[Dataset items]
↓

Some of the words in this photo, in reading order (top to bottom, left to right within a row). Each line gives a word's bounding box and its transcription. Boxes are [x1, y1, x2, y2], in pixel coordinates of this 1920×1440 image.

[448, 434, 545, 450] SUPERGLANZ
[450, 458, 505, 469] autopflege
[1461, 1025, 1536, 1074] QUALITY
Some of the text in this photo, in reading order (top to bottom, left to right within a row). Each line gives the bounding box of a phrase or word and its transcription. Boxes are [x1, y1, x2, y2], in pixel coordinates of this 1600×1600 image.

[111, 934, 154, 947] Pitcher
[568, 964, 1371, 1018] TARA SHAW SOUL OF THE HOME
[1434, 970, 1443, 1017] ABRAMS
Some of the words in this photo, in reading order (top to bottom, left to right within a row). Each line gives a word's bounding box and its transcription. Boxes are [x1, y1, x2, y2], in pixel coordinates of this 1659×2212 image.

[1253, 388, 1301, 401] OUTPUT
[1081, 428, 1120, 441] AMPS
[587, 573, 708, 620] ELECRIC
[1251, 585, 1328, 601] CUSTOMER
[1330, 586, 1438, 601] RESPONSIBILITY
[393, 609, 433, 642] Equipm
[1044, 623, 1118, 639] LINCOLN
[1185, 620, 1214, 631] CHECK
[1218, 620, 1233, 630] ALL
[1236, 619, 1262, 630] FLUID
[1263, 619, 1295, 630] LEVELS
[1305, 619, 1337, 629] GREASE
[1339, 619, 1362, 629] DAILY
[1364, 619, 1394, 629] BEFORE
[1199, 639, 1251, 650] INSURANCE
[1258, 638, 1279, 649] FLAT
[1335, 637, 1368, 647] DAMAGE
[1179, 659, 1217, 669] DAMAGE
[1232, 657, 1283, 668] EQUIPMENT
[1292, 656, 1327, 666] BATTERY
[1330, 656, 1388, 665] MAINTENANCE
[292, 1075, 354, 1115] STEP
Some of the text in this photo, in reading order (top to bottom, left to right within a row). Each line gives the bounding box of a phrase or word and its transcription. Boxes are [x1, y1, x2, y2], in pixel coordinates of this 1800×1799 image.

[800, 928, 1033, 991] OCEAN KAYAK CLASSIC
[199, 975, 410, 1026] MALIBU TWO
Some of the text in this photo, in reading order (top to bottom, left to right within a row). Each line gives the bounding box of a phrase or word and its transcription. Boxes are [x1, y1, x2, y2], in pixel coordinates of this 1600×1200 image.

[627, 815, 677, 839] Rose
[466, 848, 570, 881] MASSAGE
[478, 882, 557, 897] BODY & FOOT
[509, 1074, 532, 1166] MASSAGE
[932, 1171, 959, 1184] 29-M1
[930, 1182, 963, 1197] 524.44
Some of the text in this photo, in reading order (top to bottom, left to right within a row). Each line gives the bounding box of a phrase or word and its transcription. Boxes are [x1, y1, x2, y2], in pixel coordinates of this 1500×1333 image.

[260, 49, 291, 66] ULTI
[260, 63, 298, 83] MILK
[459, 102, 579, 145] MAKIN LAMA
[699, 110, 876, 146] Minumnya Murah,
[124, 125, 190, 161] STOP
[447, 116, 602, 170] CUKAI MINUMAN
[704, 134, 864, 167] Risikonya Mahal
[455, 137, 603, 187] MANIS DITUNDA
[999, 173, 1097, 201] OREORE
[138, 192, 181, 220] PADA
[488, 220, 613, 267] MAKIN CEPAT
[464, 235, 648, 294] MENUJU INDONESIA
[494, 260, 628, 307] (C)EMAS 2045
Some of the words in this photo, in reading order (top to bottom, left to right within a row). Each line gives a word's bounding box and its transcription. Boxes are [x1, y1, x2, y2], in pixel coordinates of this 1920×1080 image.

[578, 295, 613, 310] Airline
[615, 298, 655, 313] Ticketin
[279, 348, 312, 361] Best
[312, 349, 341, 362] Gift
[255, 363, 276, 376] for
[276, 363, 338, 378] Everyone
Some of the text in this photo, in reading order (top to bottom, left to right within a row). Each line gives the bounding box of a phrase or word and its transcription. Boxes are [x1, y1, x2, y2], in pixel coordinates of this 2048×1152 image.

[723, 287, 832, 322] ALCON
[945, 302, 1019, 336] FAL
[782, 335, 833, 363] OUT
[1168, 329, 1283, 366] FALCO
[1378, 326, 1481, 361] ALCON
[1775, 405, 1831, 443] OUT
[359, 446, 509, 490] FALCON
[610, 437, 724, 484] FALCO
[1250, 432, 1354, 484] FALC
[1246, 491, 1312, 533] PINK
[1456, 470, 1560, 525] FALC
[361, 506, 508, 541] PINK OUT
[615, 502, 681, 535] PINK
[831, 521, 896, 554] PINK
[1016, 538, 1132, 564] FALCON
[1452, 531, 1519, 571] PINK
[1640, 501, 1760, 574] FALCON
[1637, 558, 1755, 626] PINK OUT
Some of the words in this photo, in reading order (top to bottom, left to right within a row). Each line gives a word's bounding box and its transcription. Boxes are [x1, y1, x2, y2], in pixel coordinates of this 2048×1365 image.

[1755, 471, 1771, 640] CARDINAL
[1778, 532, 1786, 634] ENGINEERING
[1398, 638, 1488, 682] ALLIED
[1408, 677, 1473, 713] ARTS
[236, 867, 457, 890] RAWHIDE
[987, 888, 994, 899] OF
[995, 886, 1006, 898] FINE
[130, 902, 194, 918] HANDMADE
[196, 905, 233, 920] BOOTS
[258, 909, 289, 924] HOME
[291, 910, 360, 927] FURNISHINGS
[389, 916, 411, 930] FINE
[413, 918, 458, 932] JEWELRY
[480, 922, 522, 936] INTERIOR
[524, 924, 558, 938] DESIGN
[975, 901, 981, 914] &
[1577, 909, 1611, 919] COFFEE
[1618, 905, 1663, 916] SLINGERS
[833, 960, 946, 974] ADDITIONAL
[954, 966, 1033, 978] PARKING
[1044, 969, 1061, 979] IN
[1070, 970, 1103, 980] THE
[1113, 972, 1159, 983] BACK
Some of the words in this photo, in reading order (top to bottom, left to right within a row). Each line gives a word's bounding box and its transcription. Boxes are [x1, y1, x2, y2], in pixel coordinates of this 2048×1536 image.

↑

ASSIGNED TASK
For this exercise, restate every record word for word.

SOLVED PROBLEM
Some of the words in this photo, in reading order (top to bottom, left to right within a row). Each line gives a word's bounding box and its transcription. Boxes are [x1, y1, x2, y2], in pixel coordinates of this 1920×1440 image.

[448, 434, 545, 450] SUPERGLANZ
[450, 458, 505, 469] autopflege
[1461, 1025, 1536, 1074] QUALITY
Some of the text in this photo, in reading order (top to bottom, left to right within a row). Each line gives the bounding box of a phrase or word and its transcription. Boxes are [x1, y1, x2, y2], in pixel coordinates of this 1600×1600 image.

[111, 934, 154, 947] Pitcher
[568, 964, 1371, 1018] TARA SHAW SOUL OF THE HOME
[1434, 970, 1443, 1017] ABRAMS
Some of the words in this photo, in reading order (top to bottom, left to right within a row). Each line gives a word's bounding box and its transcription. Boxes are [x1, y1, x2, y2], in pixel coordinates of this 1659×2212 image.

[1253, 388, 1301, 401] OUTPUT
[1081, 428, 1120, 441] AMPS
[587, 573, 708, 620] ELECRIC
[1251, 585, 1328, 601] CUSTOMER
[1330, 586, 1438, 601] RESPONSIBILITY
[393, 609, 433, 642] Equipm
[1044, 623, 1118, 639] LINCOLN
[1185, 620, 1214, 631] CHECK
[1218, 620, 1233, 630] ALL
[1236, 619, 1262, 630] FLUID
[1263, 619, 1295, 630] LEVELS
[1305, 619, 1337, 629] GREASE
[1339, 619, 1362, 629] DAILY
[1364, 619, 1394, 629] BEFORE
[1199, 639, 1251, 650] INSURANCE
[1258, 638, 1279, 649] FLAT
[1335, 637, 1368, 647] DAMAGE
[1179, 659, 1217, 669] DAMAGE
[1232, 657, 1283, 668] EQUIPMENT
[1292, 656, 1327, 666] BATTERY
[1330, 656, 1388, 665] MAINTENANCE
[292, 1075, 354, 1115] STEP
Some of the text in this photo, in reading order (top to bottom, left to right within a row). Each line gives the bounding box of a phrase or word and its transcription. Boxes are [x1, y1, x2, y2], in pixel coordinates of this 1800×1799 image.

[800, 928, 1033, 991] OCEAN KAYAK CLASSIC
[199, 975, 410, 1026] MALIBU TWO
Some of the text in this photo, in reading order (top to bottom, left to right within a row). Each line gives the bounding box of a phrase or word and its transcription. Boxes are [x1, y1, x2, y2], in pixel coordinates of this 1600×1200 image.

[627, 815, 677, 839] Rose
[466, 848, 570, 881] MASSAGE
[478, 882, 557, 897] BODY & FOOT
[509, 1074, 532, 1166] MASSAGE
[932, 1171, 959, 1184] 29-M1
[930, 1182, 963, 1197] 524.44
Some of the text in this photo, in reading order (top to bottom, left to right within a row). Each line gives the bounding box of a phrase or word and its transcription. Boxes are [x1, y1, x2, y2], in pixel coordinates of this 1500×1333 image.

[260, 49, 291, 66] ULTI
[260, 63, 298, 83] MILK
[459, 102, 579, 145] MAKIN LAMA
[699, 110, 876, 146] Minumnya Murah,
[124, 125, 190, 161] STOP
[447, 116, 602, 170] CUKAI MINUMAN
[704, 134, 864, 167] Risikonya Mahal
[455, 137, 603, 187] MANIS DITUNDA
[999, 173, 1097, 201] OREORE
[138, 192, 181, 220] PADA
[488, 220, 613, 267] MAKIN CEPAT
[464, 235, 648, 294] MENUJU INDONESIA
[494, 260, 628, 307] (C)EMAS 2045
Some of the words in this photo, in reading order (top to bottom, left to right within a row). Each line gives a word's bounding box and its transcription. Boxes are [x1, y1, x2, y2], in pixel coordinates of this 1920×1080 image.

[578, 295, 613, 310] Airline
[615, 298, 655, 313] Ticketin
[279, 348, 312, 361] Best
[312, 349, 341, 362] Gift
[255, 363, 276, 376] for
[276, 363, 338, 378] Everyone
Some of the text in this photo, in reading order (top to bottom, left to right within a row). Each line gives the bounding box of a phrase or word and its transcription. Boxes are [x1, y1, x2, y2], in pixel coordinates of this 2048×1152 image.

[723, 287, 832, 322] ALCON
[945, 302, 1019, 336] FAL
[782, 335, 833, 363] OUT
[1168, 329, 1283, 366] FALCO
[1378, 326, 1481, 361] ALCON
[1775, 405, 1831, 443] OUT
[359, 446, 509, 490] FALCON
[610, 437, 724, 484] FALCO
[1250, 432, 1354, 484] FALC
[1246, 491, 1312, 533] PINK
[1456, 470, 1560, 525] FALC
[361, 506, 508, 541] PINK OUT
[615, 502, 681, 535] PINK
[831, 521, 896, 554] PINK
[1016, 538, 1132, 564] FALCON
[1452, 531, 1519, 571] PINK
[1640, 501, 1760, 574] FALCON
[1637, 558, 1755, 626] PINK OUT
Some of the words in this photo, in reading order (top to bottom, left to right within a row). Each line gives a word's bounding box and its transcription. Boxes are [x1, y1, x2, y2], in pixel coordinates of this 2048×1365 image.

[1755, 471, 1771, 640] CARDINAL
[1778, 532, 1786, 634] ENGINEERING
[1398, 638, 1488, 682] ALLIED
[1408, 677, 1473, 713] ARTS
[236, 867, 457, 890] RAWHIDE
[987, 888, 994, 899] OF
[995, 886, 1006, 898] FINE
[130, 902, 194, 918] HANDMADE
[196, 905, 233, 920] BOOTS
[258, 909, 289, 924] HOME
[291, 910, 360, 927] FURNISHINGS
[389, 916, 411, 930] FINE
[413, 918, 458, 932] JEWELRY
[480, 922, 522, 936] INTERIOR
[524, 924, 558, 938] DESIGN
[975, 901, 981, 914] &
[1577, 909, 1611, 919] COFFEE
[1618, 905, 1663, 916] SLINGERS
[833, 960, 946, 974] ADDITIONAL
[954, 966, 1033, 978] PARKING
[1044, 969, 1061, 979] IN
[1070, 970, 1103, 980] THE
[1113, 972, 1159, 983] BACK
Some of the words in this photo, in reading order (top to bottom, left to right within a row). Each line gives a word's bounding box and its transcription. Boxes are [x1, y1, x2, y2], in pixel coordinates of this 2048×1536 image.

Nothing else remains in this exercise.